Maybe this is fair. I actually don't know any more.

OP posts:
ben5 · 28/08/2009 12:14

it takes 5 minutes to wash up lunch dishes and 5 minutes to sort out the washing. anyone could do this with 1 child. bet he spent longer in the toilet. yanbu

plasticbag · 28/08/2009 12:15

Axis, sadly we can't afford a cleaner. We are actually struggling just on my salary which is another problem...

Haventslept, he spends a lot of time on t'internet (he posts on another forum though)

I feel I can't say anything about that as it would be a tad hypocritical wouldn't it?

Actually I am going to get into trouble if I don't go and do some work soon

OP posts:
haventsleptforayear · 28/08/2009 12:19

Me too plasticbag

GetOrfMoiLand · 28/08/2009 12:58

Plasticbag - your DP should do a lot more than that. It must be very annoying also that you have to ask him to do things. I have this with my DP - he is perfecty capable of doing things when he is asked, however I wish that he could be a bit more proactive and not have to wait to ask.

However we both work long hours and divide all the crappy chores between us somehow.

Would it be possible for him to go and get a job?

junglist1 · 28/08/2009 13:03

at ben5

OrmIrian · 28/08/2009 13:05

Yep. He is taking the piss. DH does this at times and it isn't fair. I never ever leave that much mess around sick kids or not. Sorry. No-one expects spotless of course.

It's horrible to come home and find the place an absolute tip and know that it is going to be you who is going to have to sort it out!

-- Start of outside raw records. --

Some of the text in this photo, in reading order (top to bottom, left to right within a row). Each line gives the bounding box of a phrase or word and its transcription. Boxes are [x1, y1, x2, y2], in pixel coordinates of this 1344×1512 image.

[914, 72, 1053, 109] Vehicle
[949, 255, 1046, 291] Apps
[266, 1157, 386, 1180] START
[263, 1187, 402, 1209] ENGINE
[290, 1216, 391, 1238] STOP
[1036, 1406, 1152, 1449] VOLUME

colditz · 28/08/2009 13:05

maybe he's had an off day?

SAHD with 2 sick kids is a NIGHTMARE. I feel sorry for him. Don't be a cock about it.

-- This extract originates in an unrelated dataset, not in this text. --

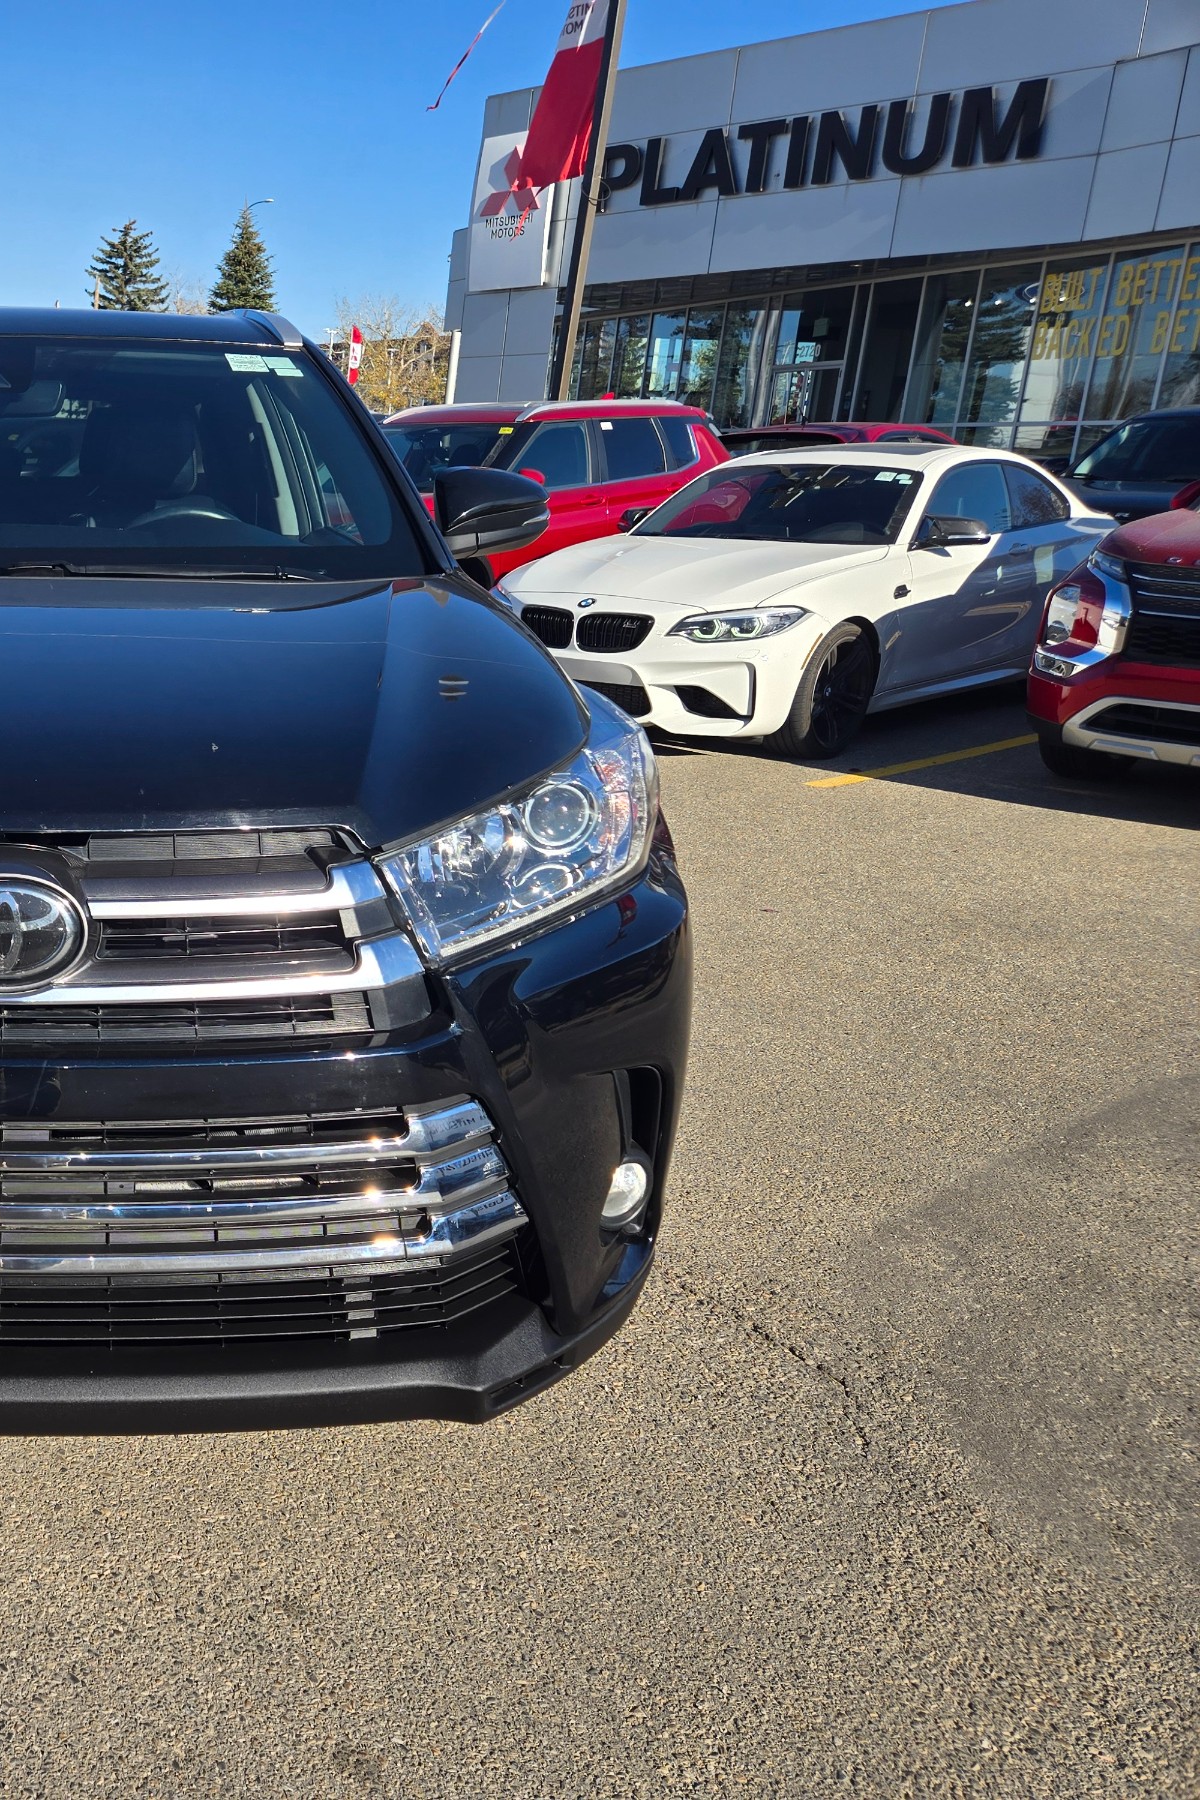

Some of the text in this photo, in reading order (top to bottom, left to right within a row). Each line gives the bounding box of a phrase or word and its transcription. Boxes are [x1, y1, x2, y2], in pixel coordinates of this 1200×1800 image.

GetOrfMoiLand · 28/08/2009 13:09

He could spend 10 minutes cleaning up the kitchen at least. Don't think it's that much of a nightmare tbh.

Alibabaandthe40nappies · 28/08/2009 13:15

YANBU.

I am a SAHM and I do pretty much all the domestic stuff. Our split is more like this.

Me
Laundry and all folding and putting away
Vacuming, dusting
Bathrooms
Finances, bills, general admin, social organising
Food shopping and all shopping for things for DS
General tidying and clearing up throughout the day

DH
Helps with breakfast and lunch prep the days he works at home
Bins and recycling
Dishwasher, clearing up etc at weekends
DS bathtime every day without fail

We share the cooking, although I probably do more than him.
If I do ask him to help me, then I still don't expect him to look around and think 'ooh I must hoover' if he has just worked a 10 hour day.

Sorry I've waffled badly here, but in short your DH is being unfair if this situation is anything other than very rare.

YorkshireRose · 28/08/2009 14:02

If its an off day then fair enough.

But if he is regularly leaving you with all the housework to do when you get back from work then YANBU

Personally I think he should be doing all the stuff associated with the kids including washing their clothes, cleaning up after them and sorting out appointments etc. And doing at least some basic cleaning of the house.

I work full time and do EVERYTHING associated with the kids. Our split of household responsibilities is as follows:

Me: everything

DH: feck all

So you can imagine I have not much sympathy with your DH, plasticbag!

dailymailrus · 28/08/2009 14:44

Talk to him. And I don't think he's taking the piss.